I tried to be careful by contacting my insurance provider upon deciding to resign from my job. I suppose no matter how careful you try to be, life happens. When I thought that I would be insured for another month, I was rudely awakened by being told I was misinformed and that I was now among the millions of Americans that are uninsured.
It’s a very strange feeling. I’d been insured through my job for more than a decade, and during that time, like many, simply considered it something that was not worth thinking about. I’d grown accustomed to the system. I was even my former employer’s benefits coordinator. I knew how the system worked and had finally figured out how to maximize those benefits. Now, unemployed, I felt alone. Frustrated. The shock of it is still something that I’m adjusting to. To be fully insured one minute and then uninsured the next is not something I had thought would realistically happen to me.
I suppose if there ever is a good time to be without health insurance, now would be that time. There are now more options out there for the uninsured. Regardless of what your political views are, there is something to be said about the ability for you to get insurance where that wasn’t available before. Although I’d looked at the healthcare.gov website out of prior curiosity as a benefit coordinator, now I looked at it as someone who needed it.
I’m not like most 30-something-year-olds. I have a list of specialists and medications that I have to take. I can’t be uninsured or casually insured. I need a full featured plan that will cover my yearly MRIs and routine tests and visits to my various doctors. Again, most years the only health care decision I needed to make was whether or not to increase my contributions to my FSA. Now, I’d not only lost (forfeited) all the money in my FSA, I became a patient without a doctor.
I was diligent in making sure that I’d recently filled all of mine and my husband’s prescriptions and also made sure that they were all three-month prescriptions. However, as I refill our pill cases each week I see the pills and my calm dwindle. I’m still waiting for life to catch up with my recent employment changes. I’m still job hunting and am trying desperately to be optimistic. If only I could sometimes be less of a realist.
The healthcare.gov site has been very easy to use. It’s aesthetically pleasing and has a wealth of information. At this juncture I need to decide if I’m going to apply for a plan or hold on to the hope that I will be employed and insured in short order. Why? Well, I’ve discovered that none of my doctors are in the network for any of the plans being offered. I’d heard rumors and grossly exaggerated stories about this happening, but I didn’t expect it to happen to me.

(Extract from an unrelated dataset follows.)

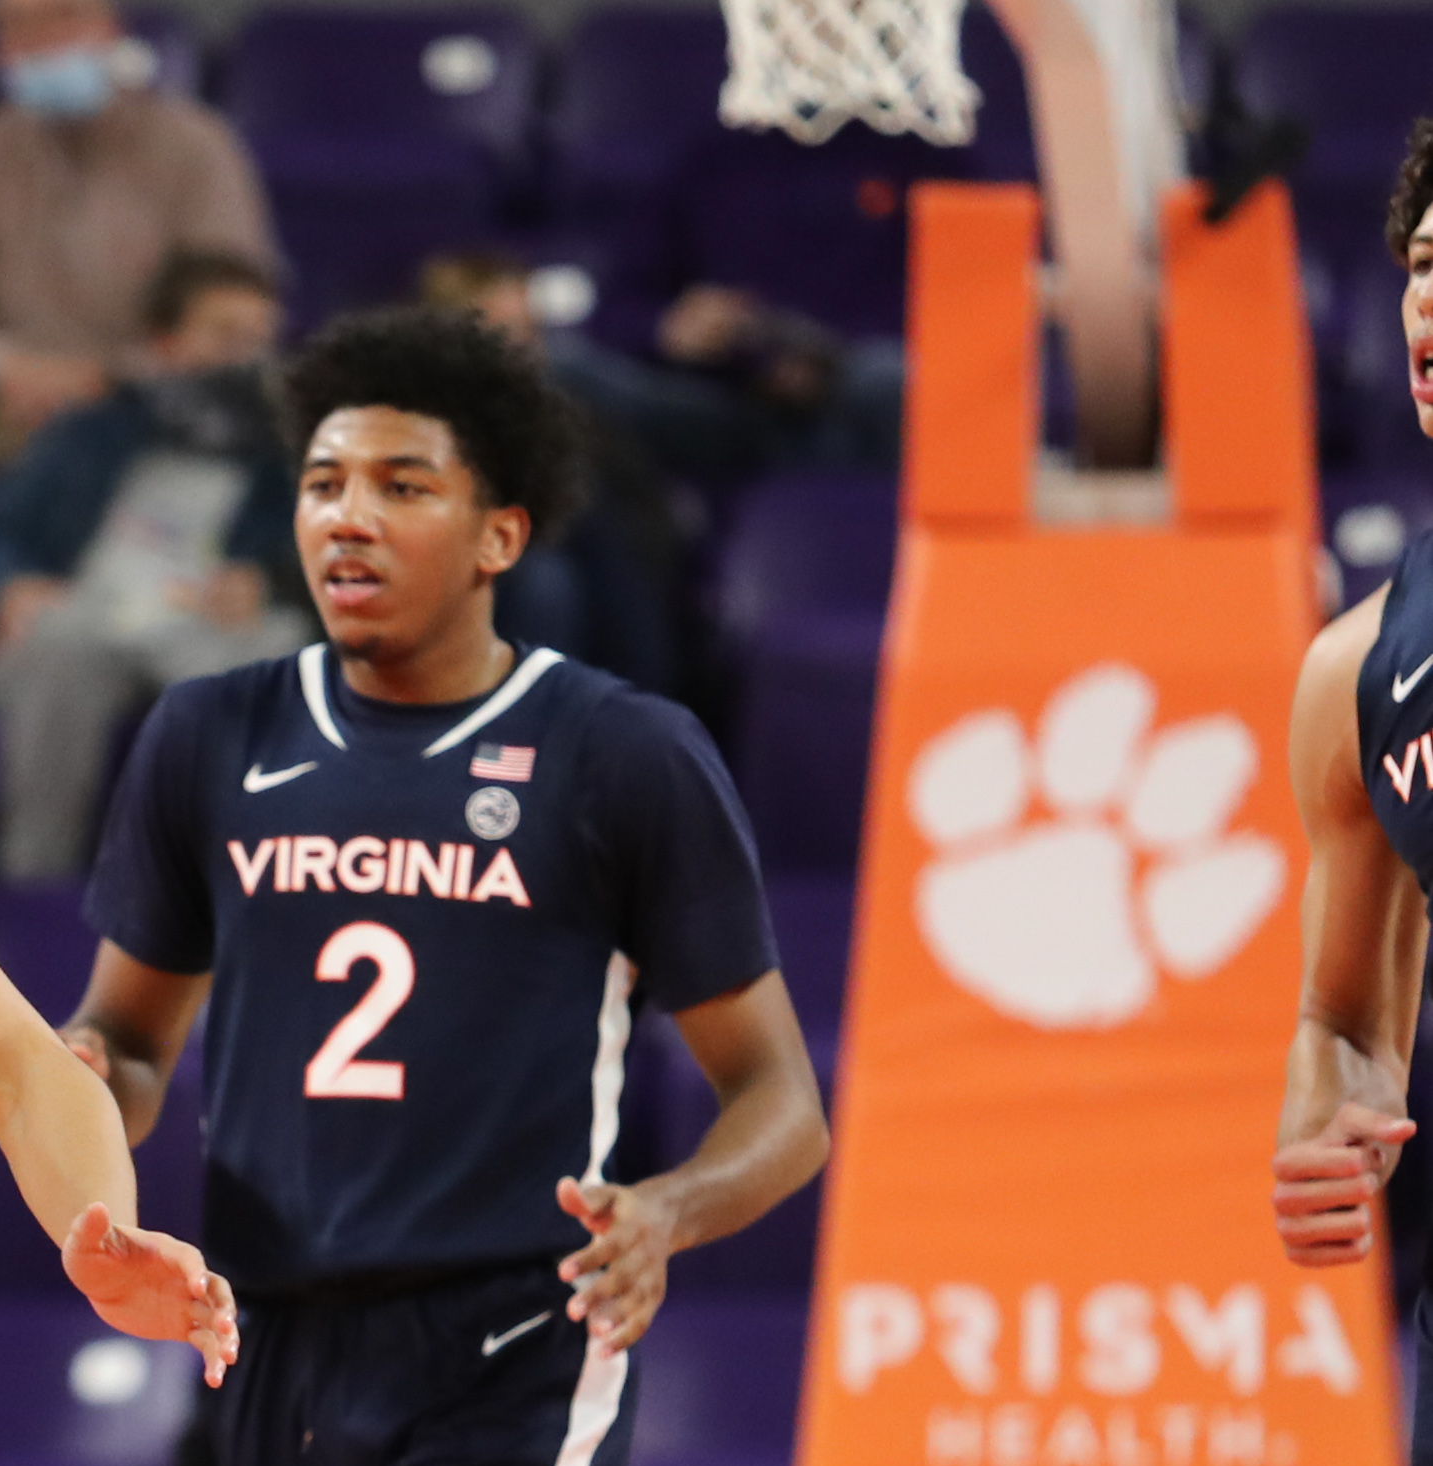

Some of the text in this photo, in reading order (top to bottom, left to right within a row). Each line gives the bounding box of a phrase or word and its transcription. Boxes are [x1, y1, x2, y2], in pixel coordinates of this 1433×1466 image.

There are moments when I’m bitter. I made the choice to resign my job and I have to be better about accepting that there are consequences to my actions. I feel that there has been a great deal more good to come from this life change than bad. I am now living in the same town as my family and I see a lot more of them. My quality of life is much improved. Sure, I could dwell on the negative aspects of what has happened but that would only drive me into despair and depression.
Even when things look dismal, there is always a silver lining. I have grown a lot over the past few years. Things that would have had me in a tailspin before now only add to the layers of my life. I may not be insured at the moment but I am ensured a much better view of life and how to really live it.